→ What to produce:
Give back each entry word for word, but drop the images.

→ Dataset records:
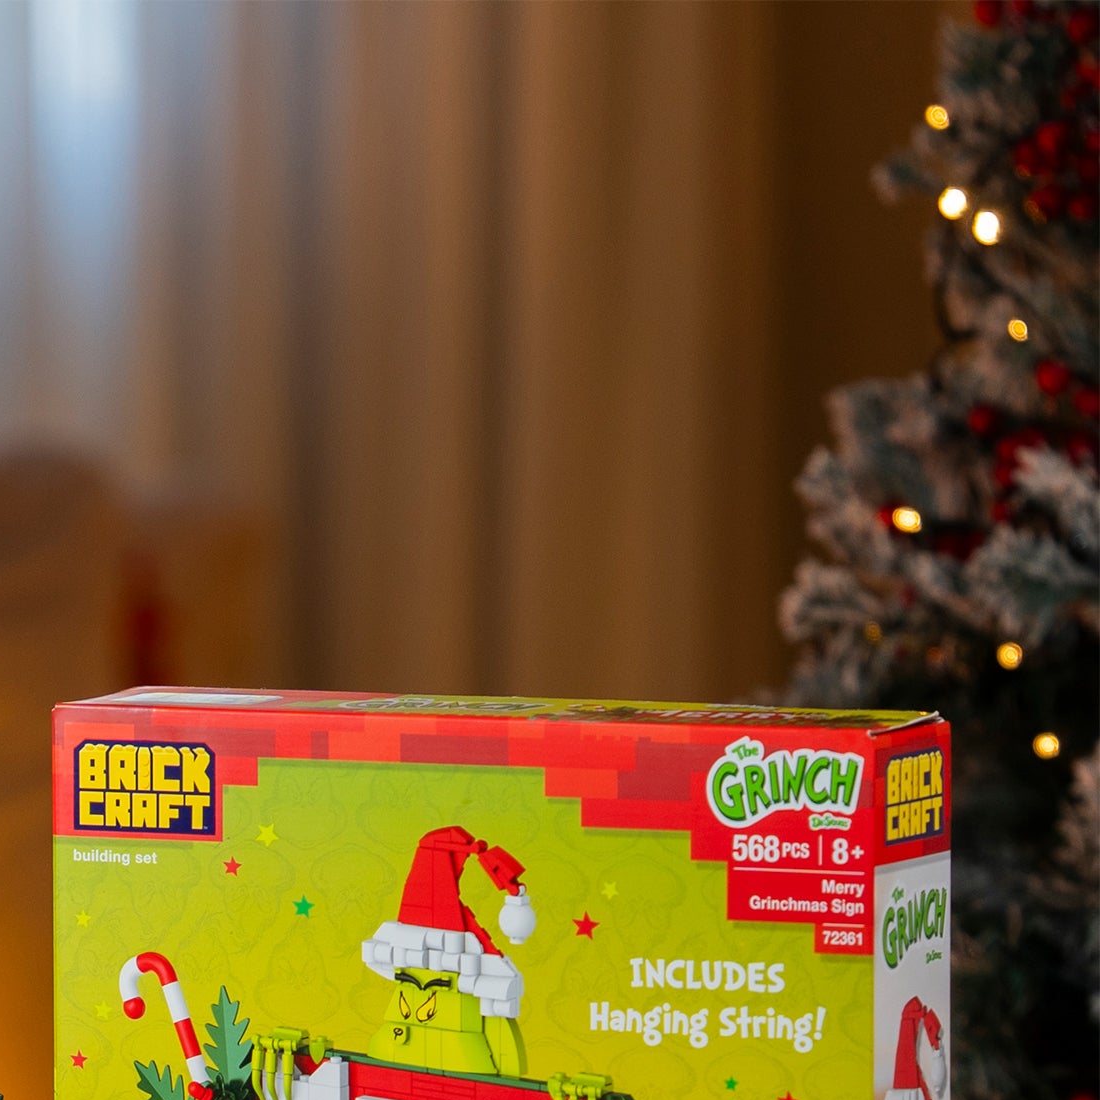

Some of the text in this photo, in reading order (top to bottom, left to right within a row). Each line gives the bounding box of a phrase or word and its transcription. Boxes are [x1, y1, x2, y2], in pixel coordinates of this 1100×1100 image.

[79, 743, 211, 793] BRICK
[731, 743, 759, 760] The
[712, 754, 859, 822] GRINCH
[886, 750, 943, 805] BRICK
[79, 791, 211, 830] CRAFT
[886, 796, 943, 842] CRAFT
[72, 849, 158, 866] building set
[831, 837, 865, 865] 8+
[749, 894, 865, 917] Grinchmas Sign
[821, 879, 866, 898] Merry
[822, 930, 864, 947] 72361
[882, 887, 948, 969] GRINCH
[630, 957, 786, 994] INCLUDES
[589, 1001, 827, 1053] Hanging String!
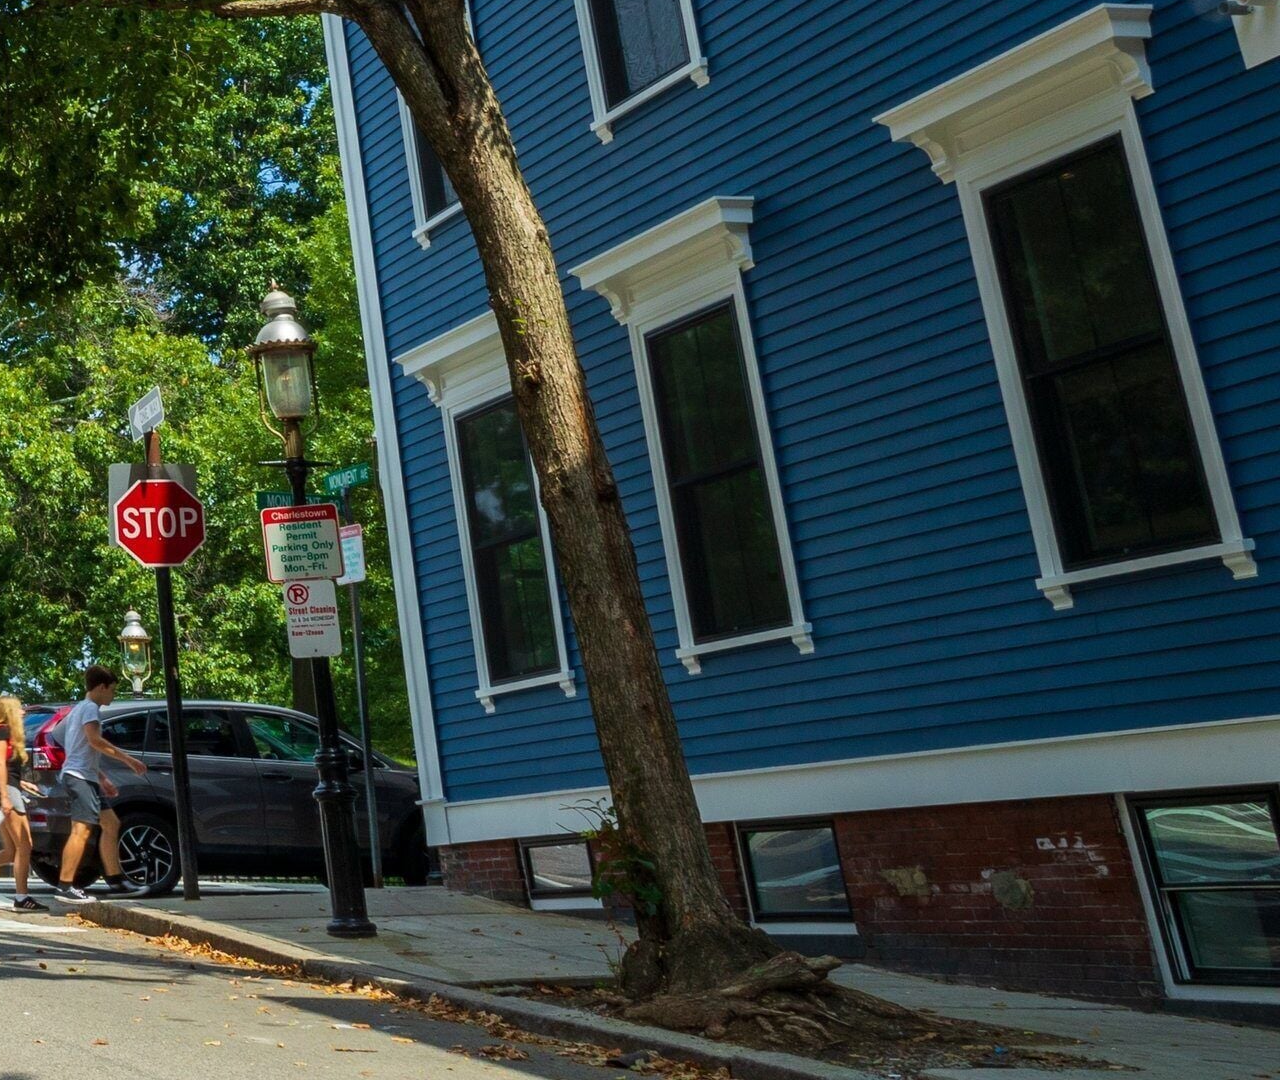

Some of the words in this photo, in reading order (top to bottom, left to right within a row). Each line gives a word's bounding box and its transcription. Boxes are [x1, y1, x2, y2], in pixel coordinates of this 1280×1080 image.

[271, 510, 328, 520] Charlestown
[122, 507, 198, 539] STOP
[279, 521, 322, 531] Resident
[286, 532, 317, 541] Permit
[272, 543, 308, 553] Parking
[312, 541, 334, 551] Only
[280, 552, 329, 562] 8am-8pm
[284, 563, 328, 573] Mon.-Fri.
[288, 606, 308, 615] Street
[310, 605, 336, 614] Cleaning
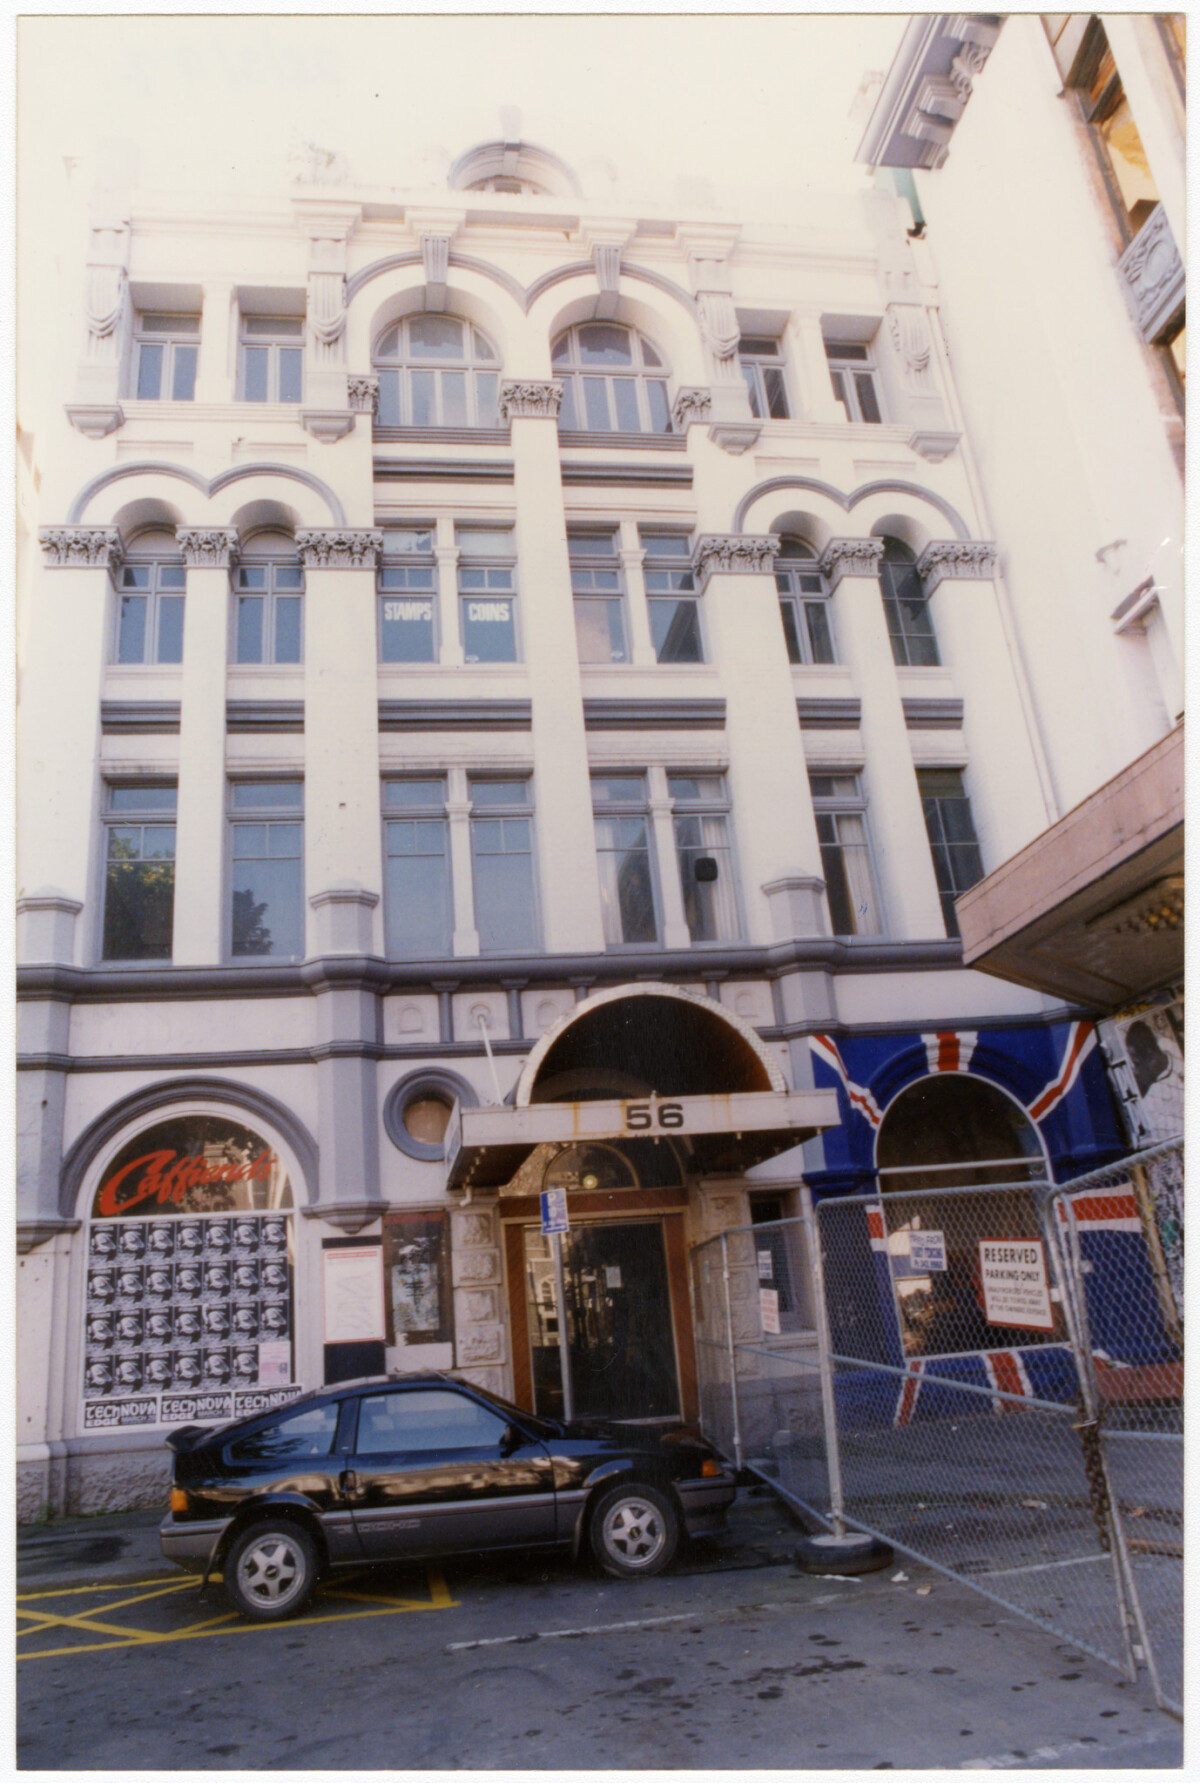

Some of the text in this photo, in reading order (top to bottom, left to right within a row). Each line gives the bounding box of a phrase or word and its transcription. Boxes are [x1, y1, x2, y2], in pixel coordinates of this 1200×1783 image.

[384, 602, 432, 621] STAMPS
[468, 603, 510, 621] COINS
[626, 1103, 684, 1130] 56
[99, 1149, 277, 1216] Caffiends
[984, 1247, 1038, 1264] RESERVED
[985, 1268, 1040, 1282] PARKING ONLY
[85, 1419, 119, 1427] EDGE
[162, 1412, 195, 1421] EDGE
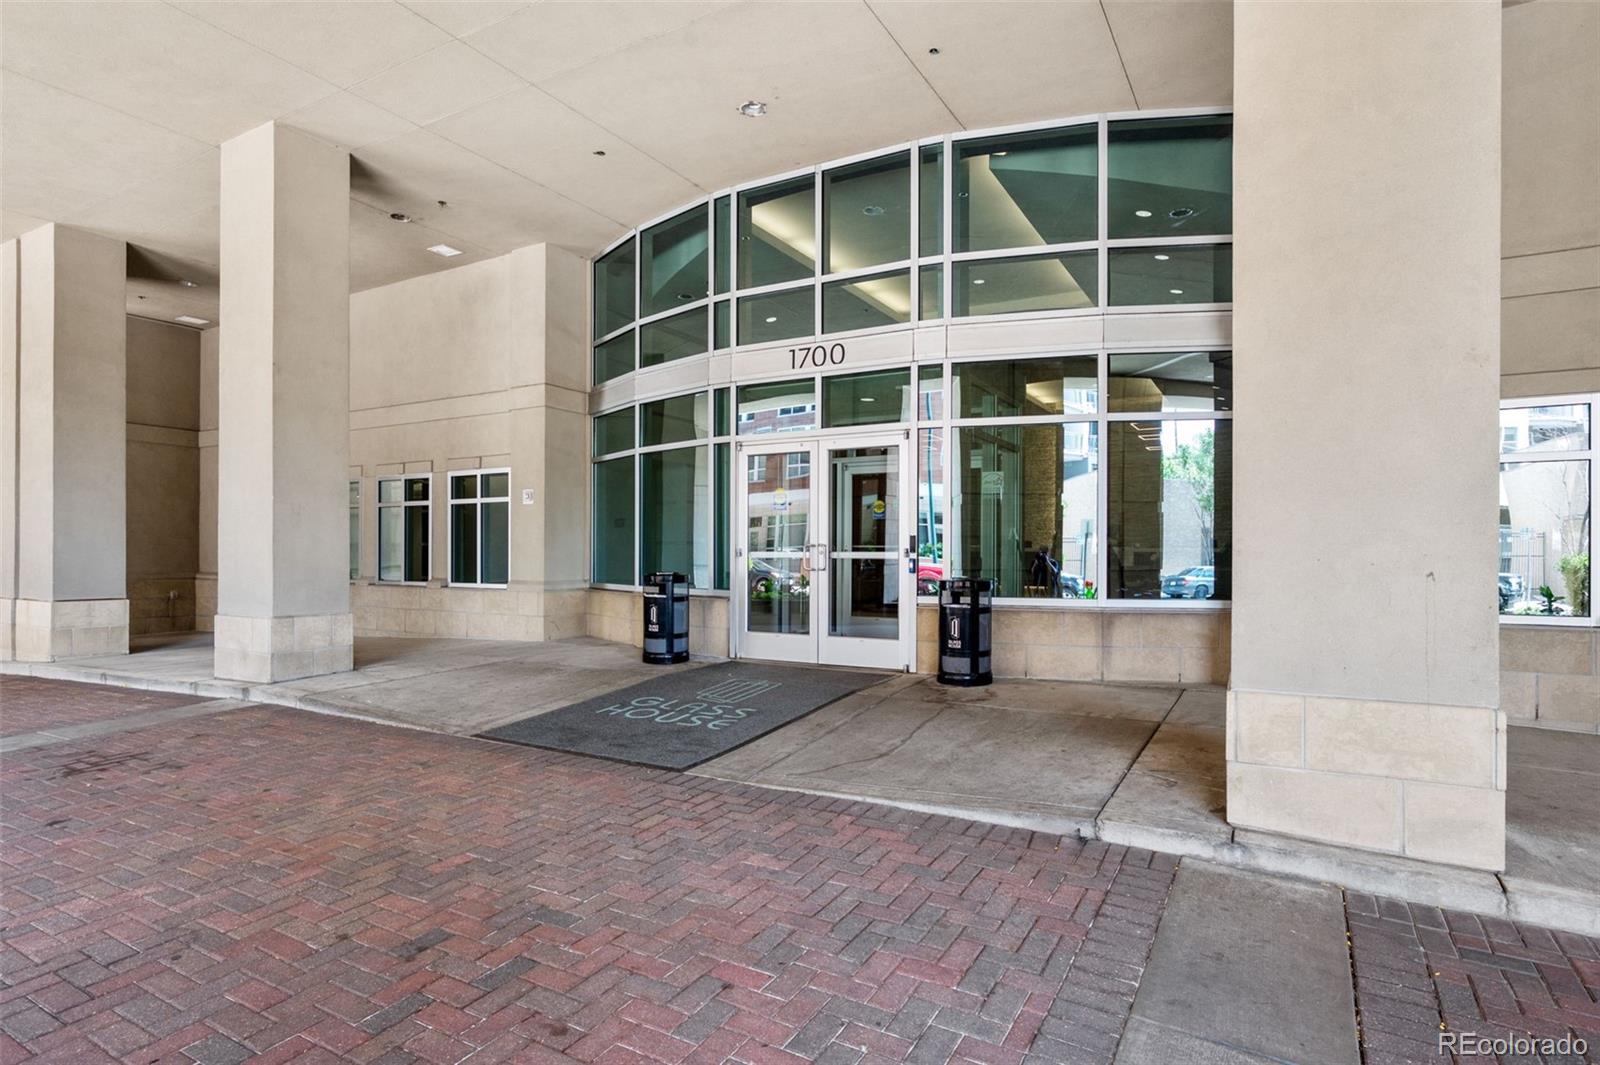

→ Exercise answer:
Some of the text in this photo, in reading order (top to bottom, left to right within a row). Each line gives the bounding box of a phrase or word and its transcription. Boxes are [x1, y1, x2, y2], in pixel coordinates of this 1100×1100 image.

[79, 743, 211, 793] BRICK
[731, 743, 759, 760] The
[712, 754, 859, 822] GRINCH
[886, 750, 943, 805] BRICK
[79, 791, 211, 830] CRAFT
[886, 796, 943, 842] CRAFT
[72, 849, 158, 866] building set
[831, 837, 865, 865] 8+
[749, 894, 865, 917] Grinchmas Sign
[821, 879, 866, 898] Merry
[822, 930, 864, 947] 72361
[882, 887, 948, 969] GRINCH
[630, 957, 786, 994] INCLUDES
[589, 1001, 827, 1053] Hanging String!

Some of the words in this photo, in reading order (top to bottom, left to right within a row). Each line gives a word's bounding box and its transcription. Boxes are [x1, y1, x2, y2], in pixel coordinates of this 1280×1080 image.

[271, 510, 328, 520] Charlestown
[122, 507, 198, 539] STOP
[279, 521, 322, 531] Resident
[286, 532, 317, 541] Permit
[272, 543, 308, 553] Parking
[312, 541, 334, 551] Only
[280, 552, 329, 562] 8am-8pm
[284, 563, 328, 573] Mon.-Fri.
[288, 606, 308, 615] Street
[310, 605, 336, 614] Cleaning

Some of the text in this photo, in reading order (top to bottom, left to right within a row). Each line gives the bounding box of a phrase or word and its transcription. Boxes are [x1, y1, x2, y2], in pixel coordinates of this 1200×1783 image.

[384, 602, 432, 621] STAMPS
[468, 603, 510, 621] COINS
[626, 1103, 684, 1130] 56
[99, 1149, 277, 1216] Caffiends
[984, 1247, 1038, 1264] RESERVED
[985, 1268, 1040, 1282] PARKING ONLY
[85, 1419, 119, 1427] EDGE
[162, 1412, 195, 1421] EDGE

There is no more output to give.